First off, Matt doesn't claim to be a a "fine art" photographer or any sort of professional photographer...his day job (if you don't know what he does) is to teach and write about Photoshop & Lightroom. He does use his photography in his books and lectures (as do I) but as far as I know, Matt isn't hanging his work in a gallery or selling it as a normal course of his work. He's much more of an amateur in the truest sense of the work...he loves photography.

His "mission statement" could be translated as his photographic goals for the coming year. You got anything against setting goals? Matt is trying to set a series of goals for his photography and he calls it a mission statement. So what? He's making a statement that his mission this year is to take beautiful pictures of beautiful places...those are his goals. Good for him.

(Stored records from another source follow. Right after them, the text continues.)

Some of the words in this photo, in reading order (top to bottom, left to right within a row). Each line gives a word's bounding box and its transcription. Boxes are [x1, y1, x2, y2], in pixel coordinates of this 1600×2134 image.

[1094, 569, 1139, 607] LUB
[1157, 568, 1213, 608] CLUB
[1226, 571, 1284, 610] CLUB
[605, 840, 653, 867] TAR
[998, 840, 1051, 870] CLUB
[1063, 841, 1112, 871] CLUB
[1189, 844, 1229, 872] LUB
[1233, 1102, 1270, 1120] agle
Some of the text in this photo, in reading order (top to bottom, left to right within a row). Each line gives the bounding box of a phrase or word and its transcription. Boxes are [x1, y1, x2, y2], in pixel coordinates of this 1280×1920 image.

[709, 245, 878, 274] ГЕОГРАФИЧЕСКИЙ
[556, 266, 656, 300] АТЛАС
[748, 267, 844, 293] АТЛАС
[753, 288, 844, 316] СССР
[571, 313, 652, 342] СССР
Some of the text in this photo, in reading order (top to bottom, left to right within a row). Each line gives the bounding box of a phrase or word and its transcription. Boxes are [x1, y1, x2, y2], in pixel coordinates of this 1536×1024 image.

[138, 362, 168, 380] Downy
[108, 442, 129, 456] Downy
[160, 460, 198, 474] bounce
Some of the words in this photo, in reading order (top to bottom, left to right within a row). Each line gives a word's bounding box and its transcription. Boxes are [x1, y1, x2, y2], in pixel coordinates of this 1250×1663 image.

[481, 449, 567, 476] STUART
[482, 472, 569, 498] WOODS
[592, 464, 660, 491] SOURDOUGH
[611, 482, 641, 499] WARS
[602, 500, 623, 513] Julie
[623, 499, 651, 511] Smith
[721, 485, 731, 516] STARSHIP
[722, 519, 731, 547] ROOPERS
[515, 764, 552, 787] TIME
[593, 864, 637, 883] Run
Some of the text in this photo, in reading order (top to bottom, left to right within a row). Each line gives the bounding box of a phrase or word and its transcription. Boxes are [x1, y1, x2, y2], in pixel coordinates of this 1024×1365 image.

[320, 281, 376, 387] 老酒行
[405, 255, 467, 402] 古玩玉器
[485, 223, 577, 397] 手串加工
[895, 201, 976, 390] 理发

If you don't understand the concept of trying to verbalize a set of goals to try to accomplish, and then working toward achieving those goals, I'm kinda wondering about how you go about deciding what to do with your life...

Matt's mission is to take an extra step when traveling, to find and shoot beautiful pictures of beautiful places...which beats the heck out of sitting in a hotel ordering room service and emptying the minibar and watching pay per view movies. Been there, done that, it's pretty boring...

Jeesh, I don't know what's in the air today. Somebody was jumping all over Alain Briot's series on Color Harmonies in Photography LuLa article and now Matt's taking crap for writing about his mission statement.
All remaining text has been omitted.